-- geschrieben im August 2022 --
Prolog
Dies ist ein geheimer Bericht. Ich muss vorsichtig sein.
Seid nachsichtig mit mir, wenn dieser Bericht krumm und kantig wird. Ich bin zwar Botschafterin, dennoch bin ich auch Kind, auf eine Weise.
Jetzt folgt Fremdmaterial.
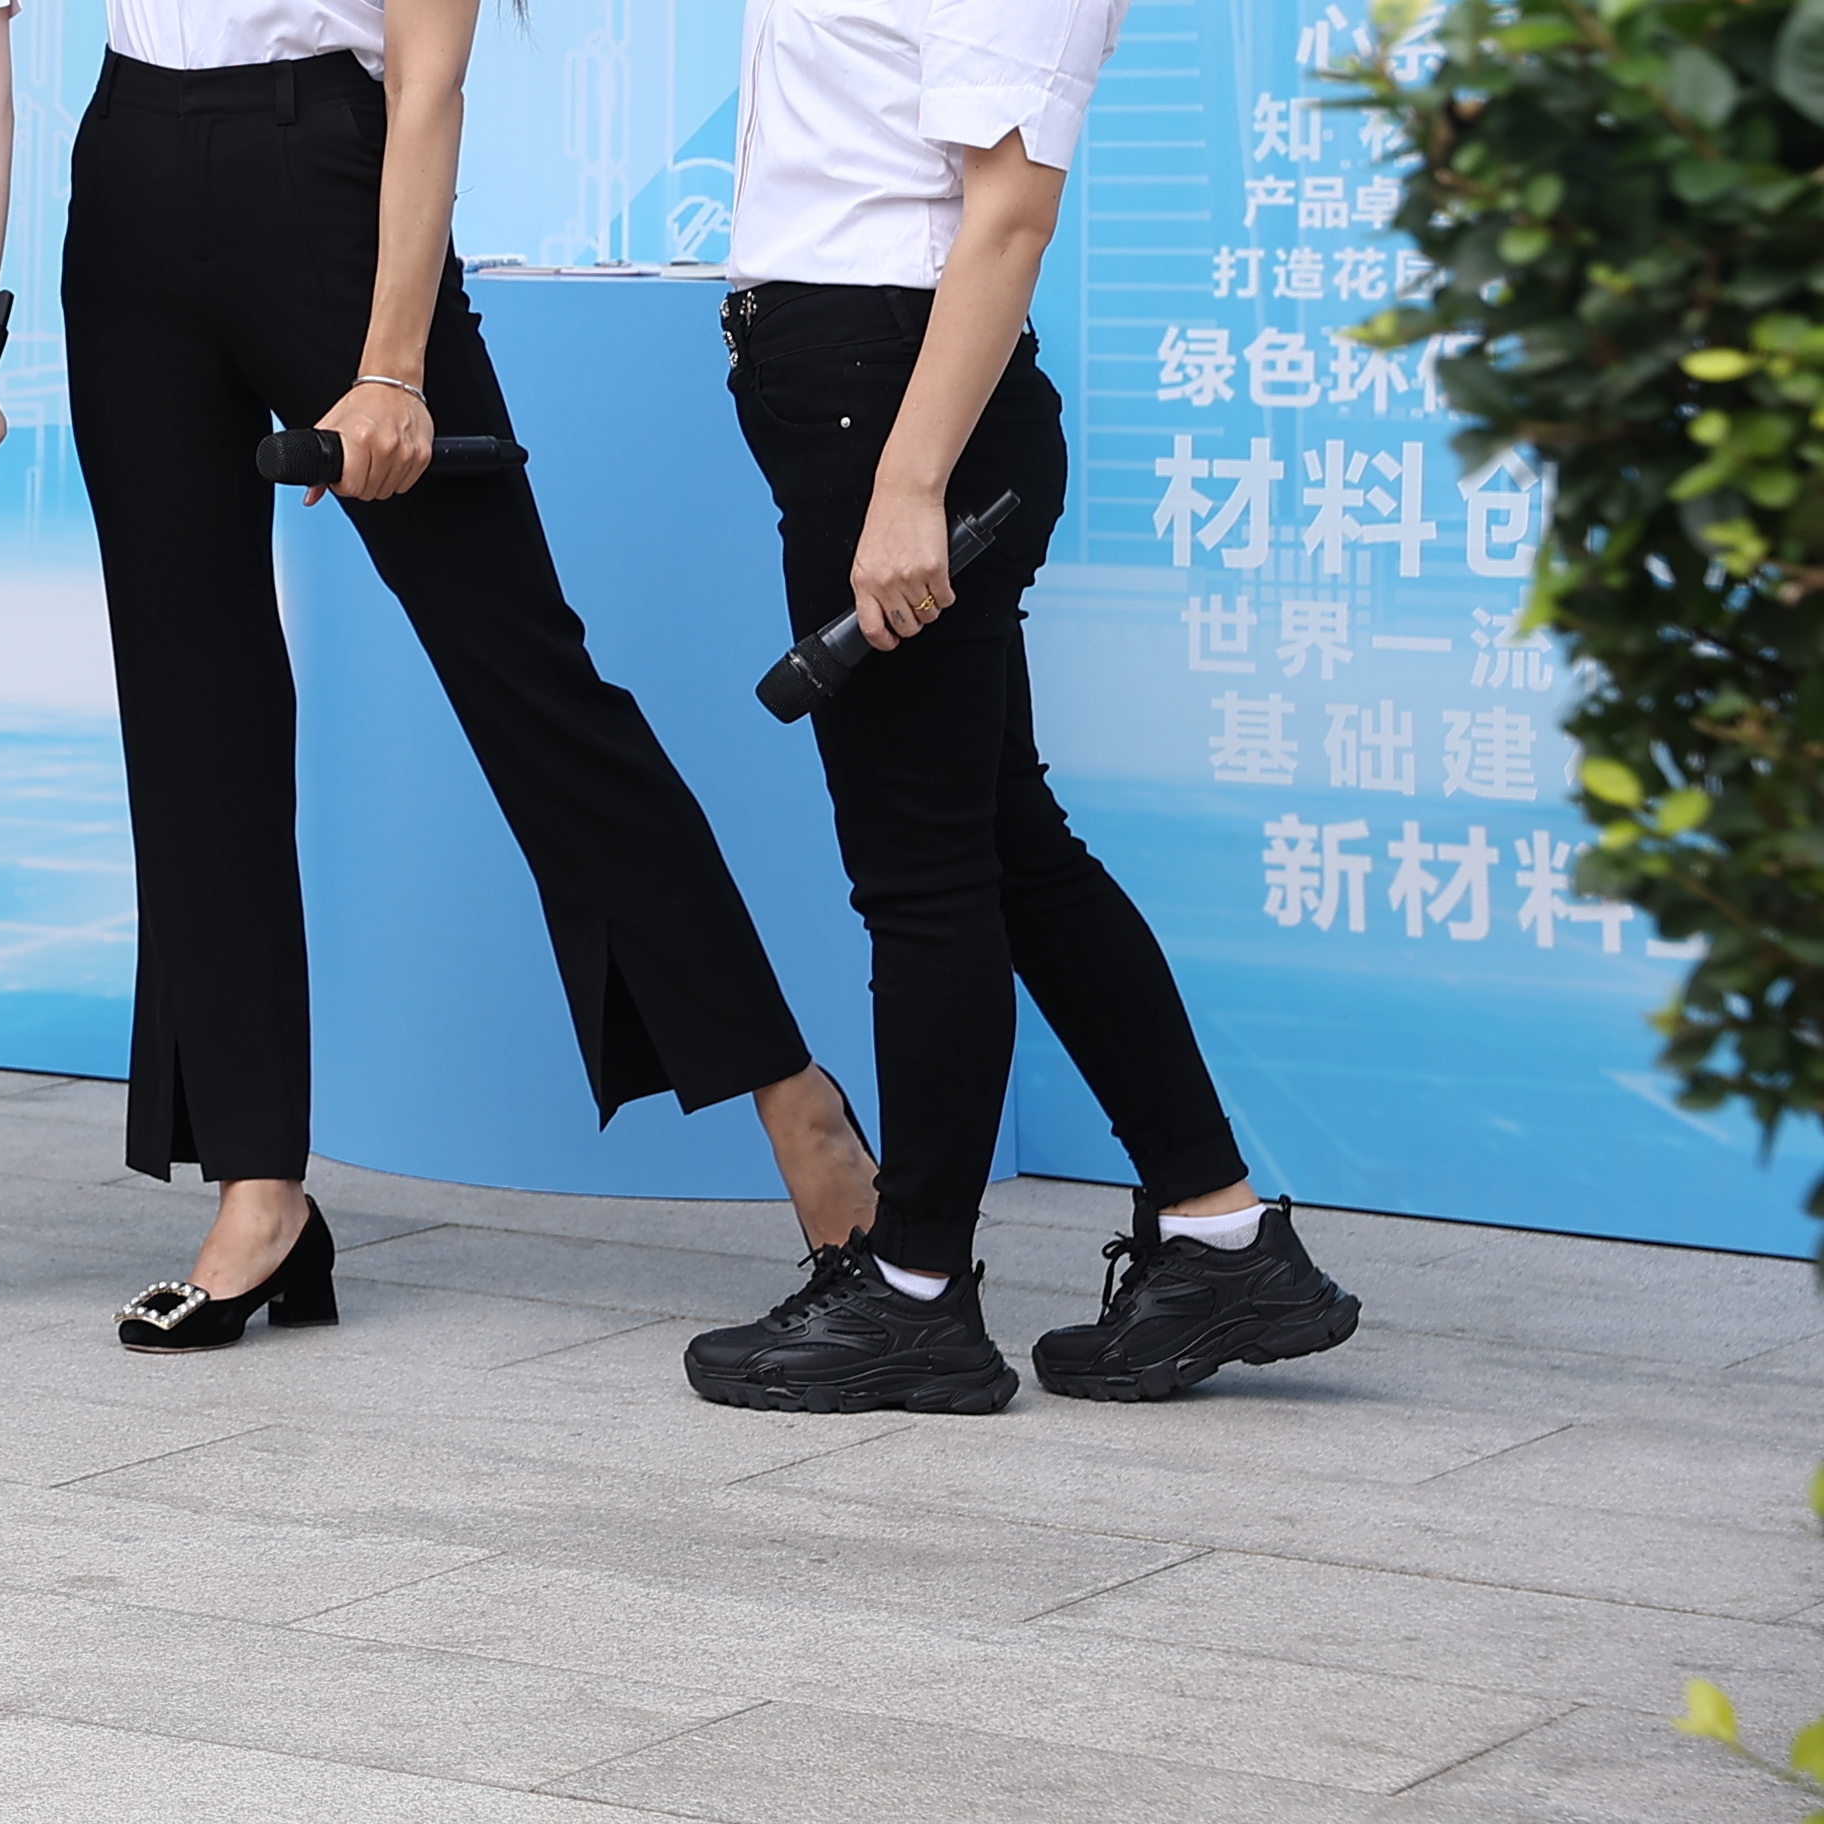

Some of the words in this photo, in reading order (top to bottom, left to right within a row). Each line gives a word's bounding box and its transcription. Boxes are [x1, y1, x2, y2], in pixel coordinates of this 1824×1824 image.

[1296, 4, 1520, 82] 心系
[1243, 175, 1467, 230] 产品卓
[1212, 245, 1492, 302] 打造花园
[1180, 594, 1582, 693] 世界一流
[1208, 691, 1582, 803] 基础建
[1261, 812, 1692, 960] 新材料
Ich bin nun seit acht Jahren in der Welt der Menschen. Damals wurde ich aus der Monsterwelt entsandt, um mit einer Menschenfamilie zu leben. Ich bin eine Diplomatin zwischen den Welten, ein Monster, das aufwächst in einem Haus der Menschen. In diesem Haus treffen die Welt der Monster und die Welt der Menschen zusammen, hinten im Keller, unter dem Dach und im großen Badezimmer im ersten Stock. Dort gehe ich hin, um den Monstern Bericht zu erstatten vom Leben der Menschen, denn die Monster haben Angst vor den Menschen wie die Menschen vor ihnen und ich muss ihnen erzählen und die Angst nehmen und Frieden bringen.
Doch ich glaube, ich habe Fehler gemacht. Ich habe mich verstricken lassen. Ich weiß nicht, an wen ich diesen Bericht richte, denn keine der Seiten darf die volle Wahrheit wissen, nicht die Monster und erst recht nicht die Menschen.
Dies ist der geheime Bericht des achten Jahres im Haus der Menschen.
Küchentisch I
Der Mann ist ein einfach zu lösendes Problem. Ihn zu lieben schmerzt, wenn er gebückt mit glasigen Augen am Küchentisch sitzt und seine zitternden Hände die nächste Tablette aus der Packung drücken; ihn zu lieben irritiert, wenn seine Faust auf das gemaserte Holz der Tischplatte trifft und seine donnernde Stimme auf mein Trommelfell. Die Frau weint vor Ungerechtigkeit, wenn ich den Mann liebe. Also beschließe ich, ihn nicht zu lieben und zu vergessen, dass ich ihn vermisse. Wie ich sagte: Der Mann ist ein einfach zu lösendes Problem.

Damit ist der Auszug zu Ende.